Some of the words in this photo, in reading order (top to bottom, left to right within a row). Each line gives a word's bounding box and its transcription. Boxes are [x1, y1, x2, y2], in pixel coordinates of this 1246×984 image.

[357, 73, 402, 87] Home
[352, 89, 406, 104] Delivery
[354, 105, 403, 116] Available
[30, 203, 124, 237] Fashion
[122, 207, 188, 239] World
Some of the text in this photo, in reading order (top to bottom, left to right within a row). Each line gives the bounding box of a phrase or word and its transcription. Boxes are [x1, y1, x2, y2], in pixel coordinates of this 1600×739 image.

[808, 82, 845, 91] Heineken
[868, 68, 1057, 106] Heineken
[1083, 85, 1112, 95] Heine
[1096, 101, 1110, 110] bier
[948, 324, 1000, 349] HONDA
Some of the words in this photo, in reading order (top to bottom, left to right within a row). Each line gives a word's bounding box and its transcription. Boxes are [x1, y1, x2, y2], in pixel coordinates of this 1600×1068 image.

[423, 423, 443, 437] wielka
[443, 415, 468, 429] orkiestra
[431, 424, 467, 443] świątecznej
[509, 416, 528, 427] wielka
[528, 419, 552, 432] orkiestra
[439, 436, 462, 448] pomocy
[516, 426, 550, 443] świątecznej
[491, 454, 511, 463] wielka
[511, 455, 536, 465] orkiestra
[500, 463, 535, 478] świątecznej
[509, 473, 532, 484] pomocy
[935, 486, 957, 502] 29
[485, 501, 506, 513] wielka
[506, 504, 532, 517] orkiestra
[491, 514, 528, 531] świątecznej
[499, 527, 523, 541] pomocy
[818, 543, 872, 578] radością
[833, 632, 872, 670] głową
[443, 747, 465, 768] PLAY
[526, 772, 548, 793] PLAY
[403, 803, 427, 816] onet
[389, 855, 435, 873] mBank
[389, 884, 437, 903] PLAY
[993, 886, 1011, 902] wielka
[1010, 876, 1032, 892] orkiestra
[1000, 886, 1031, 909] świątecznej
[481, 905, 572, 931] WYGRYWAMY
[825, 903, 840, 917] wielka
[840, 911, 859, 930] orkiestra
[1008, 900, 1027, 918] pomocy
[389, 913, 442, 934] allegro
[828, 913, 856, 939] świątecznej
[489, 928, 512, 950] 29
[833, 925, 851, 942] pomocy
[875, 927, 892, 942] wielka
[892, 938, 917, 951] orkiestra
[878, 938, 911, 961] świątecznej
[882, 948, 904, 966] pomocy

---------------

PROBLEM DETAILS: Reproduce the listing above exactly, in its entirety.

EXERCISE SOLUTION:
Some of the words in this photo, in reading order (top to bottom, left to right within a row). Each line gives a word's bounding box and its transcription. Boxes are [x1, y1, x2, y2], in pixel coordinates of this 1246×984 image.

[357, 73, 402, 87] Home
[352, 89, 406, 104] Delivery
[354, 105, 403, 116] Available
[30, 203, 124, 237] Fashion
[122, 207, 188, 239] World
Some of the text in this photo, in reading order (top to bottom, left to right within a row). Each line gives the bounding box of a phrase or word and its transcription. Boxes are [x1, y1, x2, y2], in pixel coordinates of this 1600×739 image.

[808, 82, 845, 91] Heineken
[868, 68, 1057, 106] Heineken
[1083, 85, 1112, 95] Heine
[1096, 101, 1110, 110] bier
[948, 324, 1000, 349] HONDA
Some of the words in this photo, in reading order (top to bottom, left to right within a row). Each line gives a word's bounding box and its transcription. Boxes are [x1, y1, x2, y2], in pixel coordinates of this 1600×1068 image.

[423, 423, 443, 437] wielka
[443, 415, 468, 429] orkiestra
[431, 424, 467, 443] świątecznej
[509, 416, 528, 427] wielka
[528, 419, 552, 432] orkiestra
[439, 436, 462, 448] pomocy
[516, 426, 550, 443] świątecznej
[491, 454, 511, 463] wielka
[511, 455, 536, 465] orkiestra
[500, 463, 535, 478] świątecznej
[509, 473, 532, 484] pomocy
[935, 486, 957, 502] 29
[485, 501, 506, 513] wielka
[506, 504, 532, 517] orkiestra
[491, 514, 528, 531] świątecznej
[499, 527, 523, 541] pomocy
[818, 543, 872, 578] radością
[833, 632, 872, 670] głową
[443, 747, 465, 768] PLAY
[526, 772, 548, 793] PLAY
[403, 803, 427, 816] onet
[389, 855, 435, 873] mBank
[389, 884, 437, 903] PLAY
[993, 886, 1011, 902] wielka
[1010, 876, 1032, 892] orkiestra
[1000, 886, 1031, 909] świątecznej
[481, 905, 572, 931] WYGRYWAMY
[825, 903, 840, 917] wielka
[840, 911, 859, 930] orkiestra
[1008, 900, 1027, 918] pomocy
[389, 913, 442, 934] allegro
[828, 913, 856, 939] świątecznej
[489, 928, 512, 950] 29
[833, 925, 851, 942] pomocy
[875, 927, 892, 942] wielka
[892, 938, 917, 951] orkiestra
[878, 938, 911, 961] świątecznej
[882, 948, 904, 966] pomocy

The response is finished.